Task brief
Retype the material, please. Every line must match.

Supplied records
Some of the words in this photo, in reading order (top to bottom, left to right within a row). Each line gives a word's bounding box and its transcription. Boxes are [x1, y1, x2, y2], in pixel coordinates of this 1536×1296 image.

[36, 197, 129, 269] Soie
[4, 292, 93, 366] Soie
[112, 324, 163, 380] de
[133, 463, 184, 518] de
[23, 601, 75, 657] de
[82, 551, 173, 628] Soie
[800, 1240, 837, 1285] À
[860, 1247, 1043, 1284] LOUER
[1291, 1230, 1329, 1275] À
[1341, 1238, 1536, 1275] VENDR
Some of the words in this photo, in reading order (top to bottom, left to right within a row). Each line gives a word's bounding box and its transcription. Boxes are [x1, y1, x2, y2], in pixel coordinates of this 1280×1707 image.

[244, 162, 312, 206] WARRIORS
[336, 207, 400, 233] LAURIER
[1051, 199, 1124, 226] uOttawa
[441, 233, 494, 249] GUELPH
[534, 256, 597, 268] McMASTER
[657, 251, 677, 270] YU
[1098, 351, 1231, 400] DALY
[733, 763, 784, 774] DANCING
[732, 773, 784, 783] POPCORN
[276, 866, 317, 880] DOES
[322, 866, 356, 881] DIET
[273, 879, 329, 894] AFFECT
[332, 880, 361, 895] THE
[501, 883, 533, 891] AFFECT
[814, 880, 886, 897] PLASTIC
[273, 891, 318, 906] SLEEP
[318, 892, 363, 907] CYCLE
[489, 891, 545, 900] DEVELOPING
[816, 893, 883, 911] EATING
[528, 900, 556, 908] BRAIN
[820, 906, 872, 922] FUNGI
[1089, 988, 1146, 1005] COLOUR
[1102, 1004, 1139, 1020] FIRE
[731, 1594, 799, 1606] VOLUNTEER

Your response
Some of the words in this photo, in reading order (top to bottom, left to right within a row). Each line gives a word's bounding box and its transcription. Boxes are [x1, y1, x2, y2], in pixel coordinates of this 1536×1296 image.

[36, 197, 129, 269] Soie
[4, 292, 93, 366] Soie
[112, 324, 163, 380] de
[133, 463, 184, 518] de
[23, 601, 75, 657] de
[82, 551, 173, 628] Soie
[800, 1240, 837, 1285] À
[860, 1247, 1043, 1284] LOUER
[1291, 1230, 1329, 1275] À
[1341, 1238, 1536, 1275] VENDR
Some of the words in this photo, in reading order (top to bottom, left to right within a row). Each line gives a word's bounding box and its transcription. Boxes are [x1, y1, x2, y2], in pixel coordinates of this 1280×1707 image.

[244, 162, 312, 206] WARRIORS
[336, 207, 400, 233] LAURIER
[1051, 199, 1124, 226] uOttawa
[441, 233, 494, 249] GUELPH
[534, 256, 597, 268] McMASTER
[657, 251, 677, 270] YU
[1098, 351, 1231, 400] DALY
[733, 763, 784, 774] DANCING
[732, 773, 784, 783] POPCORN
[276, 866, 317, 880] DOES
[322, 866, 356, 881] DIET
[273, 879, 329, 894] AFFECT
[332, 880, 361, 895] THE
[501, 883, 533, 891] AFFECT
[814, 880, 886, 897] PLASTIC
[273, 891, 318, 906] SLEEP
[318, 892, 363, 907] CYCLE
[489, 891, 545, 900] DEVELOPING
[816, 893, 883, 911] EATING
[528, 900, 556, 908] BRAIN
[820, 906, 872, 922] FUNGI
[1089, 988, 1146, 1005] COLOUR
[1102, 1004, 1139, 1020] FIRE
[731, 1594, 799, 1606] VOLUNTEER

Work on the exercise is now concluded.